### DATA SECTION

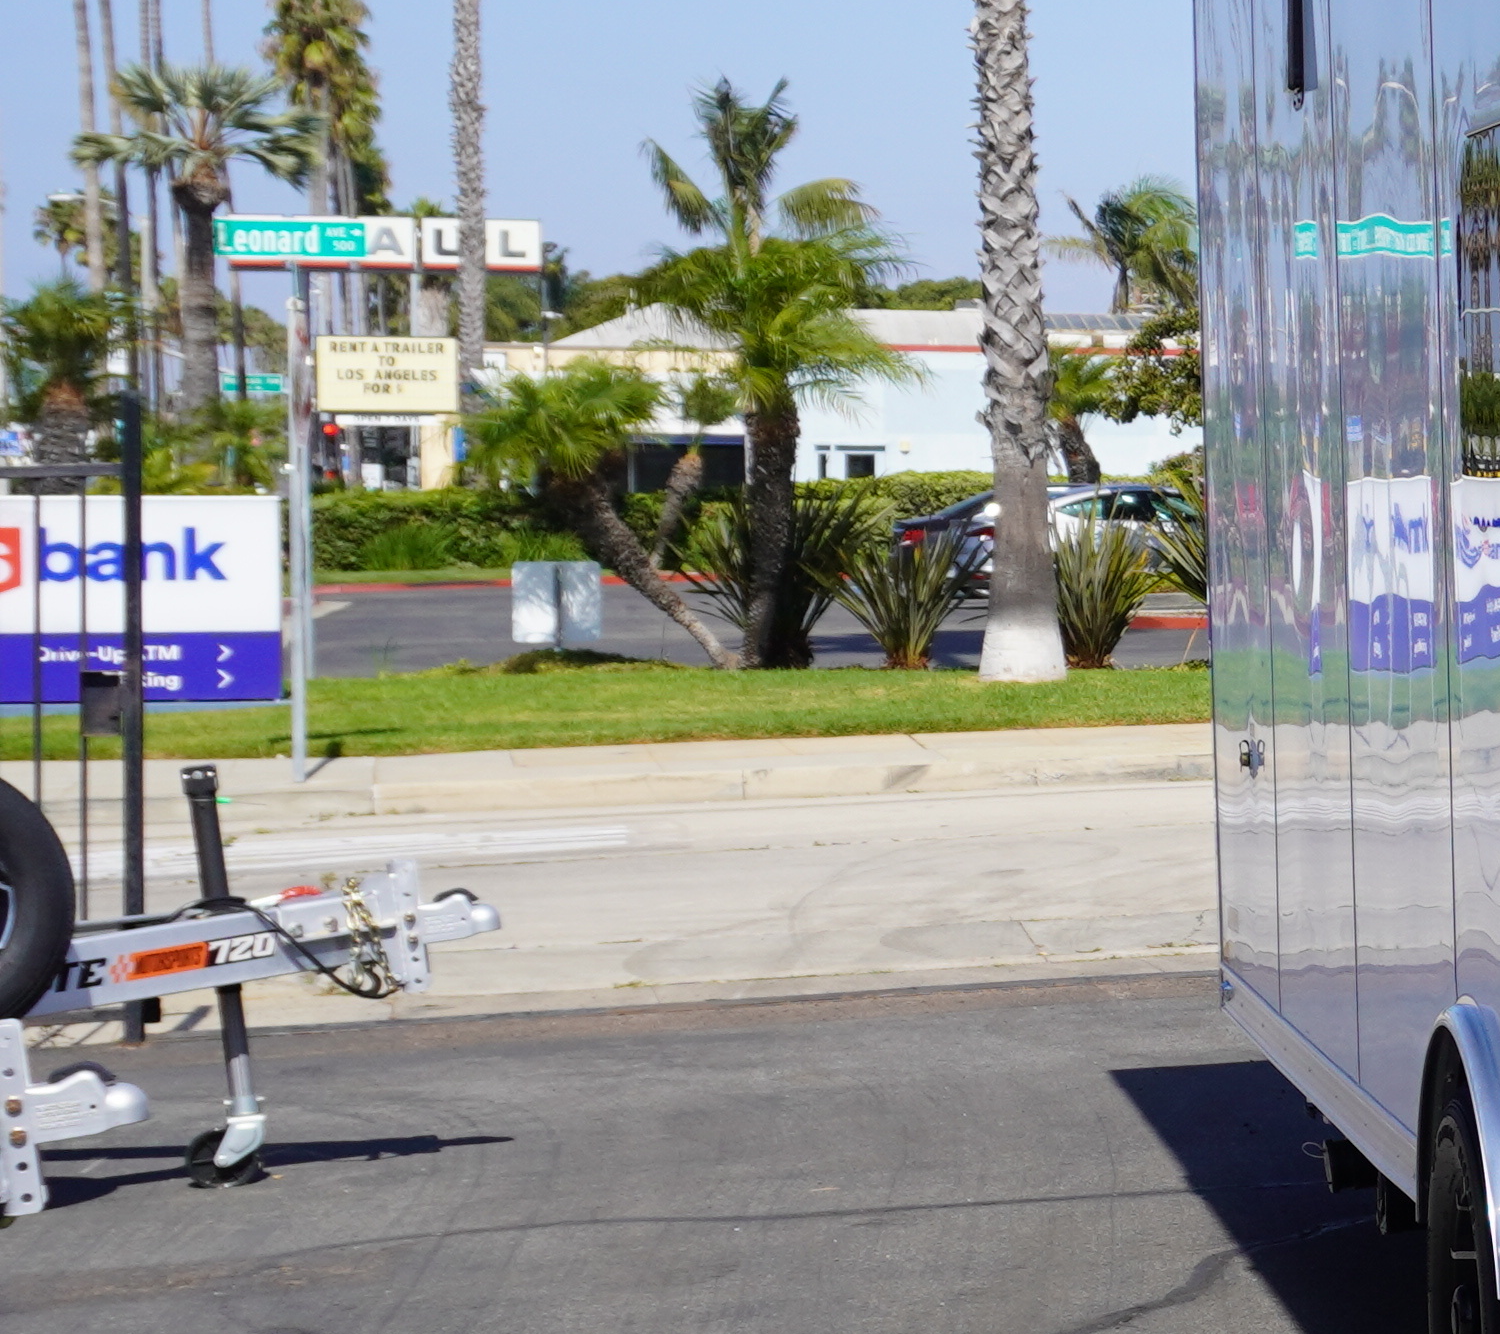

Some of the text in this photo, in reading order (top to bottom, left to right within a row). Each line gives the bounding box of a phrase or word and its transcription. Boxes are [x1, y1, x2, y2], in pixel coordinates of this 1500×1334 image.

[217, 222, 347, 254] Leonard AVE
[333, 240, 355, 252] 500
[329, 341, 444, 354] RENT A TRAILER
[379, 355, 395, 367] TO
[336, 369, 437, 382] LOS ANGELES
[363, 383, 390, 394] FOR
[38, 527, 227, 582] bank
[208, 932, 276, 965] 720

######

• EXERCISE: Give every line above again exactly, with no pictures.

• SOLUTION FOR THIS PROBLEM:
Some of the text in this photo, in reading order (top to bottom, left to right within a row). Each line gives the bounding box of a phrase or word and its transcription. Boxes are [x1, y1, x2, y2], in pixel coordinates of this 1500×1334 image.

[217, 222, 347, 254] Leonard AVE
[333, 240, 355, 252] 500
[329, 341, 444, 354] RENT A TRAILER
[379, 355, 395, 367] TO
[336, 369, 437, 382] LOS ANGELES
[363, 383, 390, 394] FOR
[38, 527, 227, 582] bank
[208, 932, 276, 965] 720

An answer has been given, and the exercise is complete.